Readit News logoReadit News
binarymax · 6 years ago
The thing that I like about Duckling is that it is a rules based system, which can easily be interrogated. Model based text extraction is much harder to fix when there is a bug. I use Duckling as a service in value extraction from queries and content alongside a model based system for NER (such as spaCy). Using both together makes for more accurate enrichment in general (by cross referencing between the two for values, and adding exception rules)
ar7hur · 6 years ago
It's exactly how we used it internally for wit.ai

(Very small correction: Duckling is rule-based but uses a super simple Naive Bayes classifier to prioritize between the many potential parses produced by the rules -- we see it as a hybrid approach)

ar7hur · 6 years ago
Hello HN, I'm the original author of Duckling (with @blandinw).
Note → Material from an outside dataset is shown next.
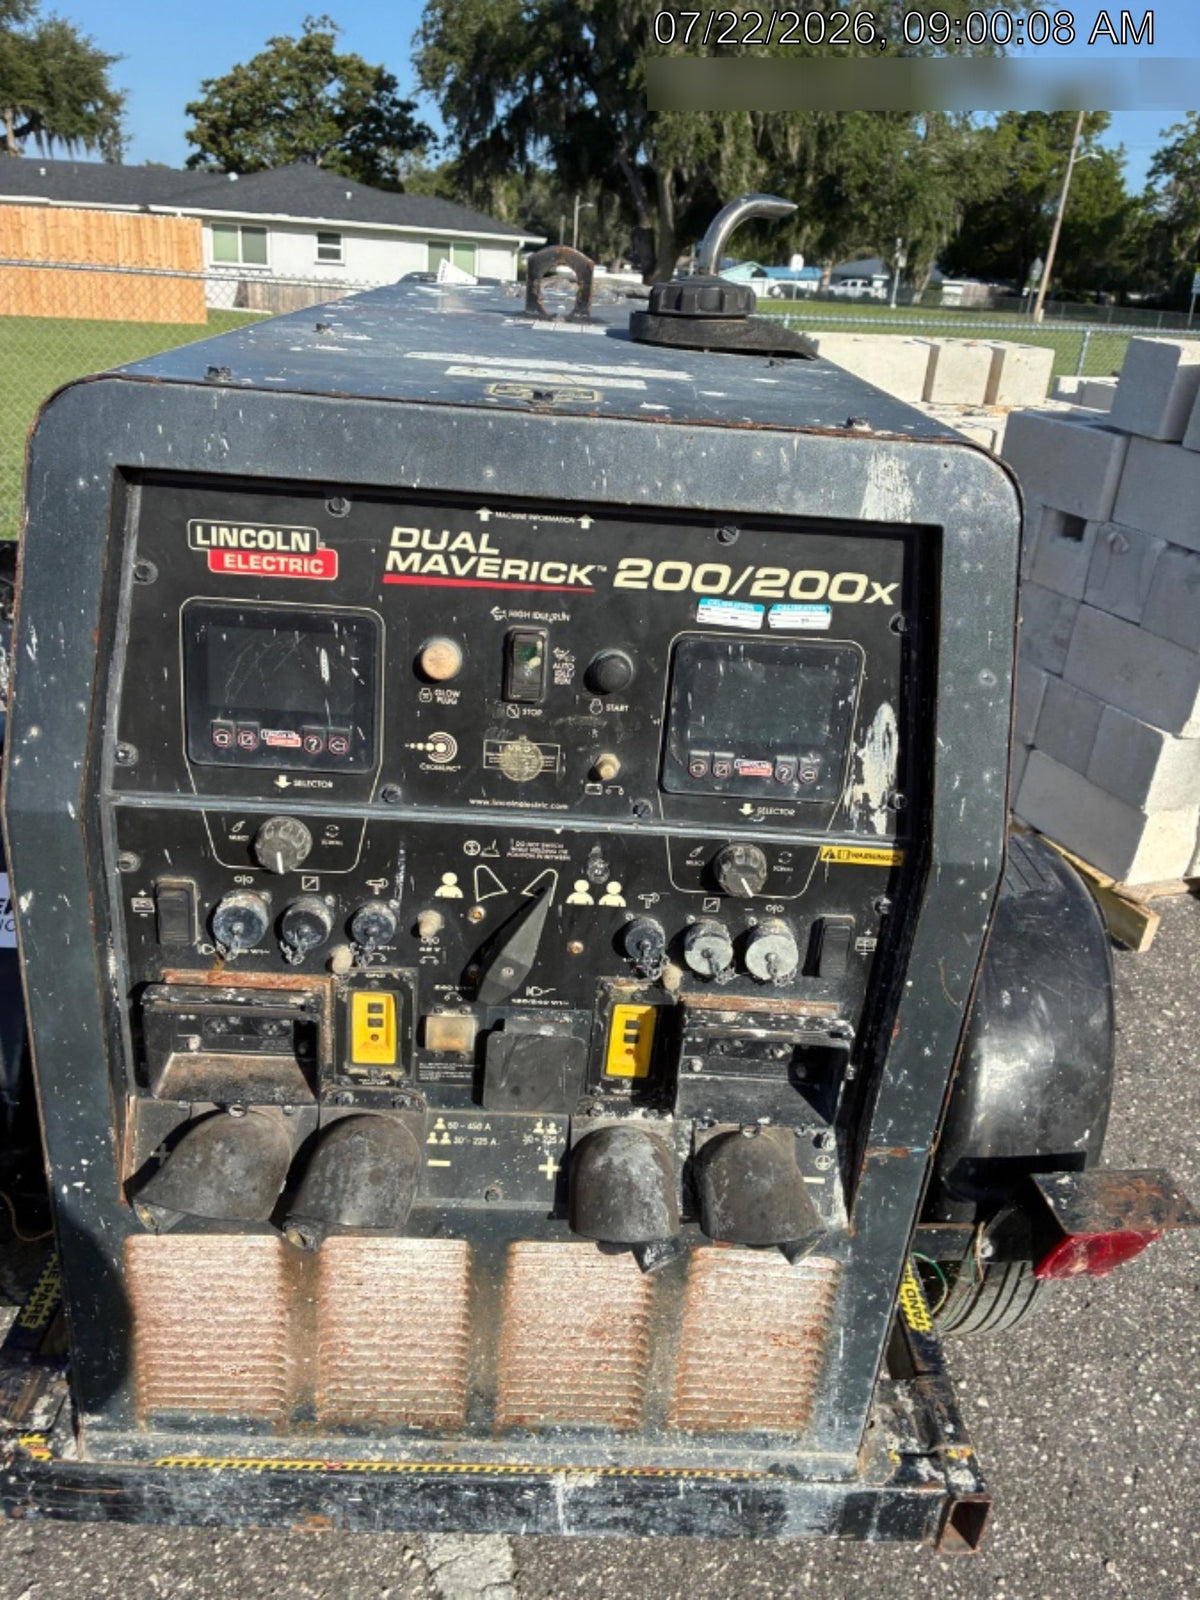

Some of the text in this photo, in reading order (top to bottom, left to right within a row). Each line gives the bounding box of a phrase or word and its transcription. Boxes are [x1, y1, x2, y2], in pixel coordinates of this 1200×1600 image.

As usual, always happy to get feedback and suggestions.
2sk21 · 6 years ago
Interesting! When I worked at IBM, we evaluated Duckling (the Haskell version) for use in the Watson Assistant product but decided to write our own numerical quantity parser/interpreter. We used ANTLR and created context-free grammars as we found that we could improve both precision and recall substantially. Sadly not open source though.
nudpiedo · 6 years ago
I must say it looks very eat from the point of view of usability. Are the training data sets open? Do you see feasible for small app coders (who don’t have thousands of examples to train) to use Duckling as more or less NLP parser without getting too much deep into the NLP and AI theory?

Are the trained sets mean to be used by different client code or languages?

ar7hur · 6 years ago
Yes all the training data is in the repo.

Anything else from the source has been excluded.